Yüksek hacimli, düşük maliyetli üretim siparişleri, daha ucuz iş gücüne sahip ülkelere kayıyor.
Sürdürülebilir kalkınma ve döngüsel ekonomi yönelimiyle, Vietnam tekstil ve giyim endüstrisi, 2030 yılına kadar 64,5 milyar ABD doları ihracat cirosuna, yıllık ortalama %6,5-7 büyüme oranına ve 8-9 milyar ABD doları iç pazar hacmine ulaşmayı hedeflemektedir; bu hedeflere ulaşmak için stratejik odak noktası "yeşilleşme-dijitalleşme", yerelleşme oranını %60'ın üzerine çıkarmak ve güçlü bir moda markası oluşturmaktır.
Vitas Yönetim Kurulu Başkanı Vu Duc Giang, bu hedefe ulaşmak için işletmelerin pazarları, ürünleri ve müşterileri çeşitlendirmeye yönelik stratejiler geliştirmeleri, arz sıkıntısına yatırım çağırma yeteneğini teşvik etmeleri, bilim ve teknolojiyle birlikte kaynakları geliştirme stratejisi oluşturmaları ve özellikle Vietnam markalarını dünya pazarına taşıma arzusunu inşa etmeleri gerektiğini söyledi.
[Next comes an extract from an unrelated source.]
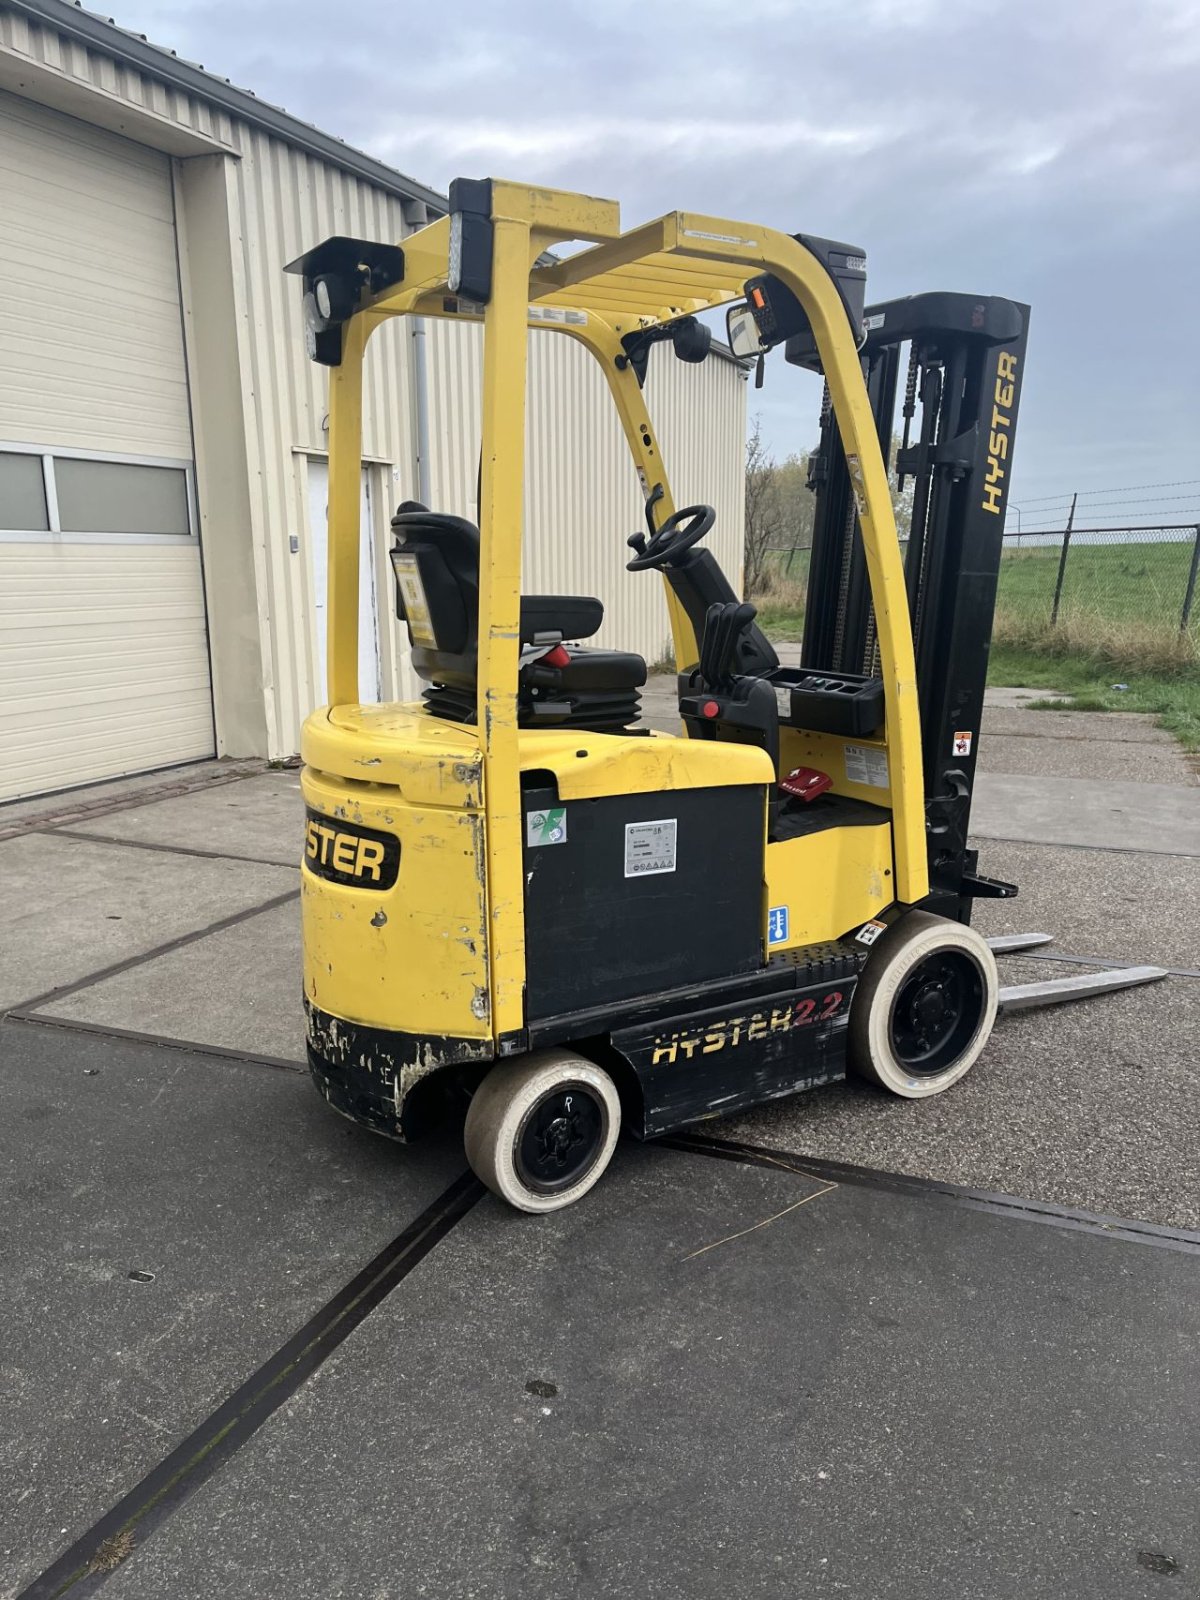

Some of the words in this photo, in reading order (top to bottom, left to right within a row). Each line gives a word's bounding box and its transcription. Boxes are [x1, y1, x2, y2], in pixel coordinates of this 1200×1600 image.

[982, 351, 1018, 515] HYSTER
[305, 818, 385, 881] STER
[795, 991, 843, 1025] 2.2
Bay Vu Duc Giang, "Vietnam, endüstrilerin, sağlık hizmetlerinin, havacılık sektörünün vb. ihtiyaçlarını karşılayan bir dizi benzersiz, yüksek değerli ürün araştırdı ve üretti. Şu anda, bir dizi fabrika 2026'da faaliyete geçmek üzere son aşamaları tamamlıyor. Bu, değeri artıran ve önümüzdeki dönemde endüstri gelişimini destekleyen bir atılımdır," diye vurguladı.
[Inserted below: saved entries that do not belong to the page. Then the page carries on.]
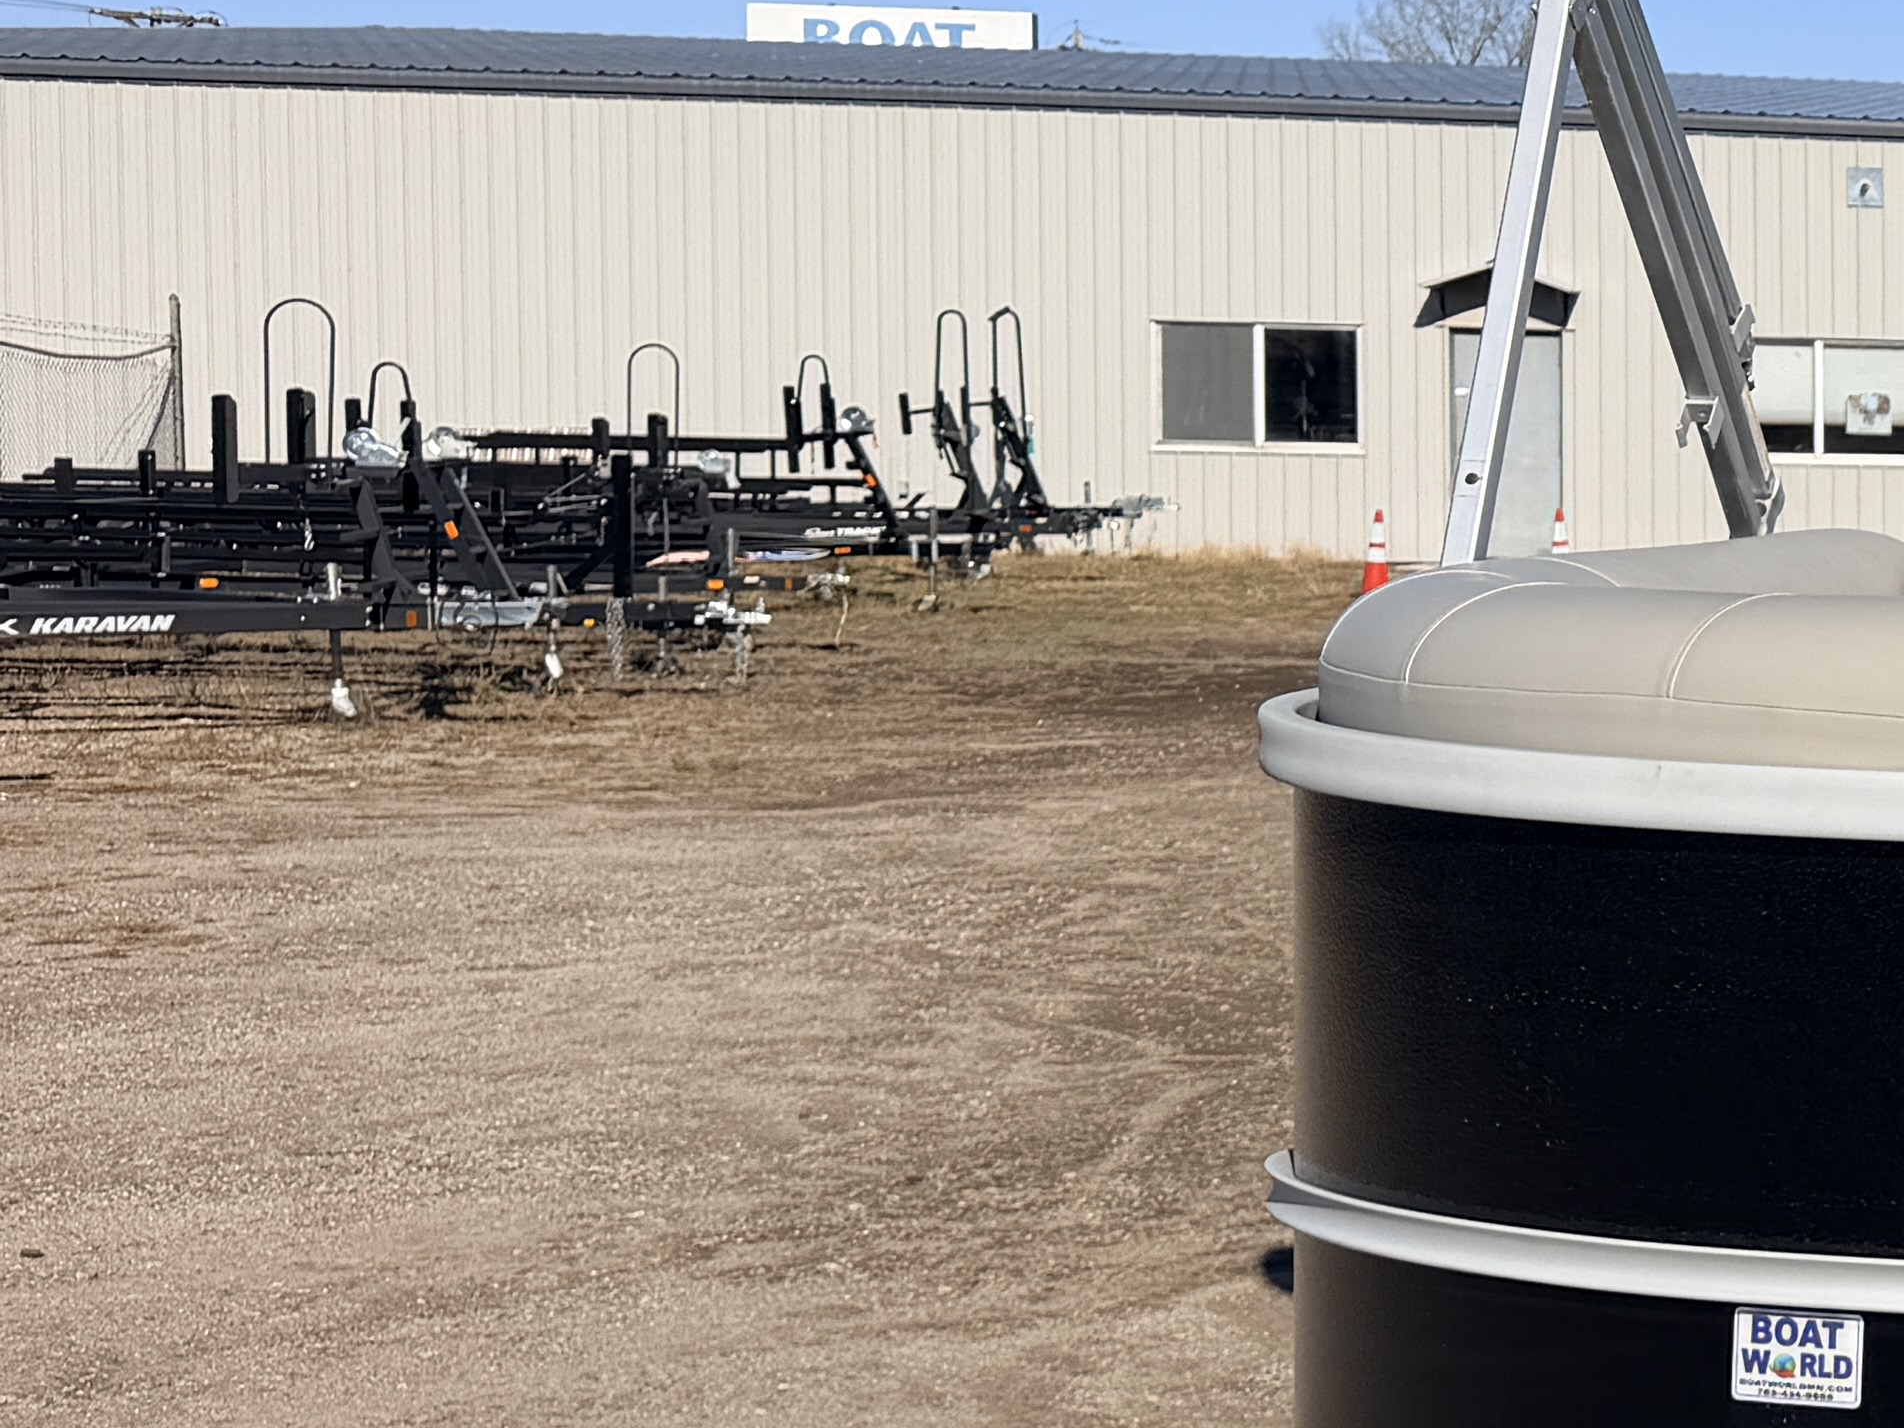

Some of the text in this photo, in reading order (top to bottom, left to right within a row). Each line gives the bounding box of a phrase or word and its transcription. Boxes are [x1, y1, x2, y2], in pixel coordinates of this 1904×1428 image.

[803, 18, 976, 47] BOAT
[29, 614, 176, 634] KARAVAN
[1750, 1313, 1845, 1349] BOAT
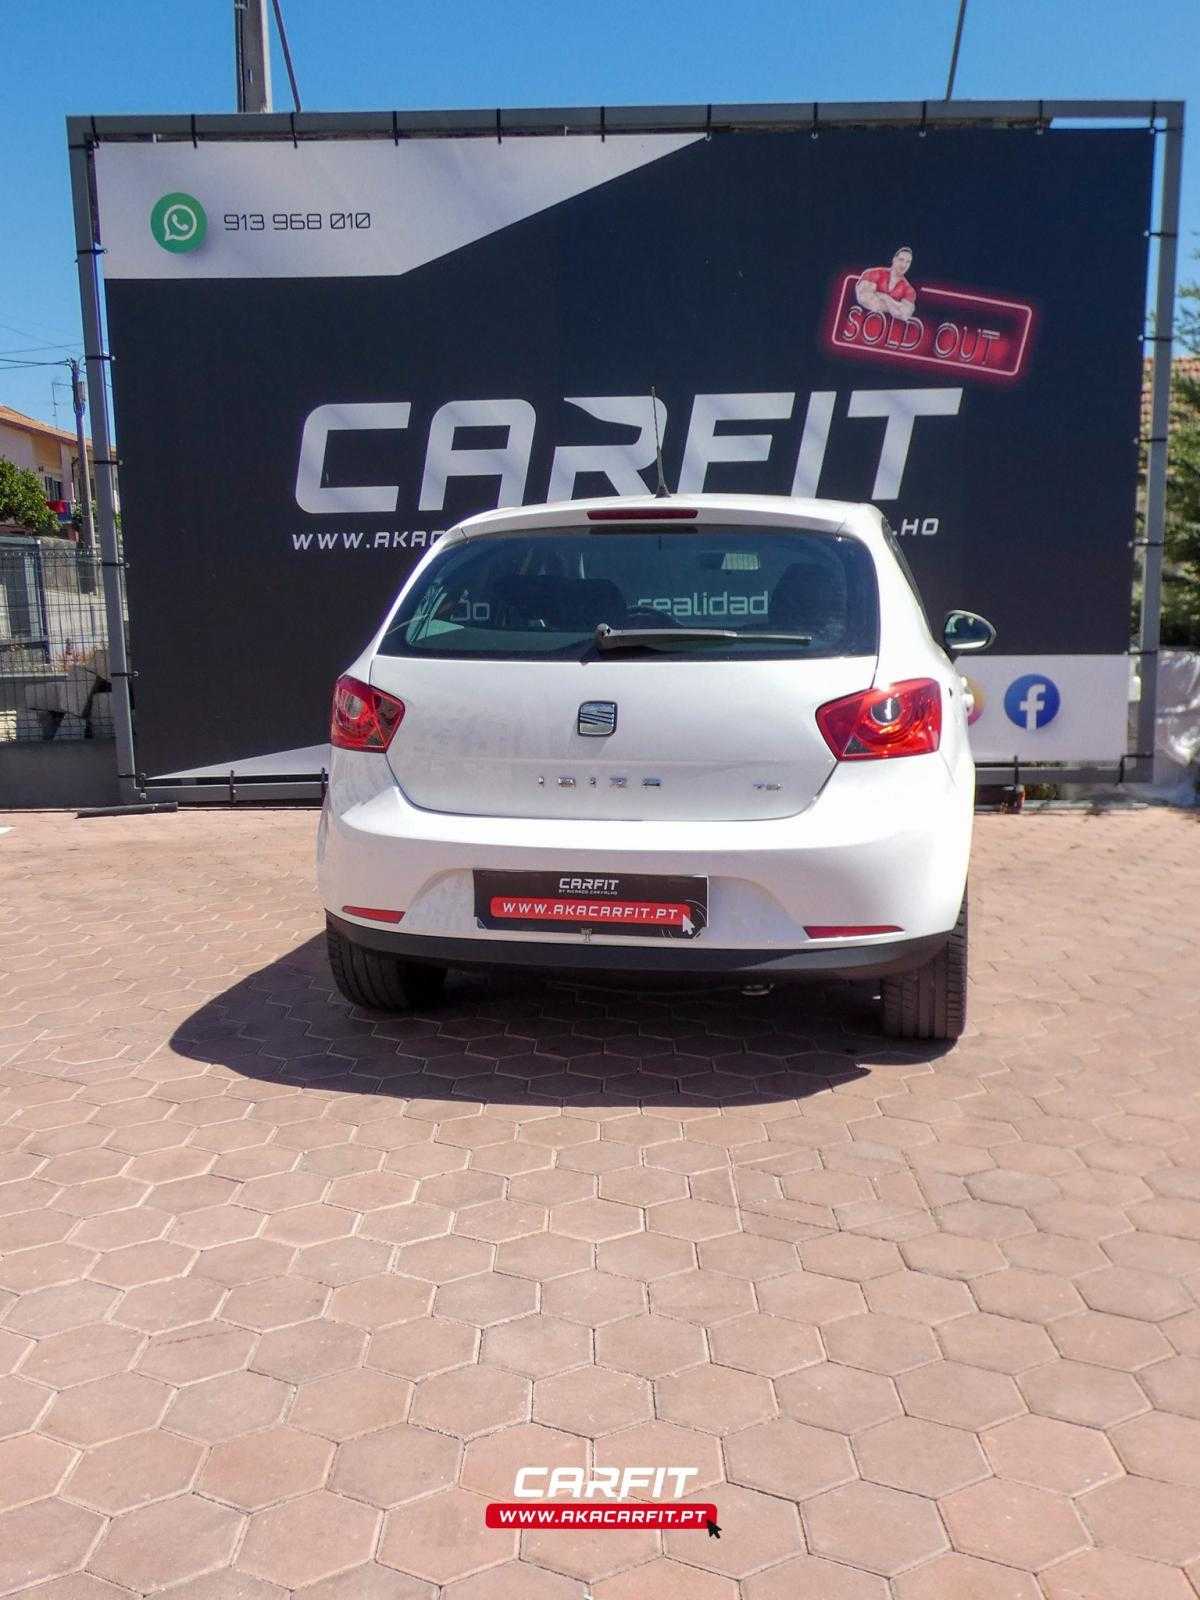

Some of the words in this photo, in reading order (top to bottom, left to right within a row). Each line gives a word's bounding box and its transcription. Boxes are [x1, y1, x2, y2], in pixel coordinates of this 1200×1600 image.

[224, 213, 265, 231] 913
[272, 213, 322, 230] 968
[329, 212, 371, 230] 010
[842, 305, 925, 351] SOLD
[934, 321, 1001, 365] OUT
[295, 387, 963, 514] CARFIT
[559, 877, 619, 891] CARFIT
[503, 902, 679, 921] WWW.AKACARFIT.PT
Zorlukların üstesinden gelmek için tekstil ve hazır giyim işletmelerinin iki eşzamanlı ayağa ihtiyacı var: Hammaddelerin yerelleştirilmesi, ekipmanların yeşillendirilmesi ve iyileştirilmesiyle yurt içi üretim kapasitesinin artırılması; aynı zamanda yurt dışı yatırımların genişletilmesi, makul maliyetli stratejik pazarların seçilmesi, tarife teşvikleri, sorunsuz lojistik ve sınır ötesi yönetim.
2026-2030 döneminde sektör iki paralel "yolda" ilerleyecektir: iç rekabet standartlarını yükseltmek ve uluslararası varlığını genişletmek. Bu iki yön birbirini tamamlayarak riskleri azaltacak ve küresel şoklara karşı direnci artıracaktır.
Sektör artık düşük maliyet avantajlarına değil, kalite, sürdürülebilirlik ve risk yönetimi yoluyla büyümeye güveniyor. Esnek olan, teknolojiyi geliştiren ve yerel ve uluslararası tedarik zincirlerini mükemmelleştiren işletmeler "kazanan" olacak.
Sürdürülebilirlik ve döngüsel ekonomiye odaklanan sektör, tasarım, malzeme, nakliye ve ithalatçı ülkelerdeki depo yönetimine kadar her aşamada kontrolü ele alarak, sadece işleme değil, üretimde de ustalaşmayı hedefleyen FOB (Free On Board) ve ODM (Original Design Manufacturer) modellerine doğru güçlü bir geçiş yapıyor.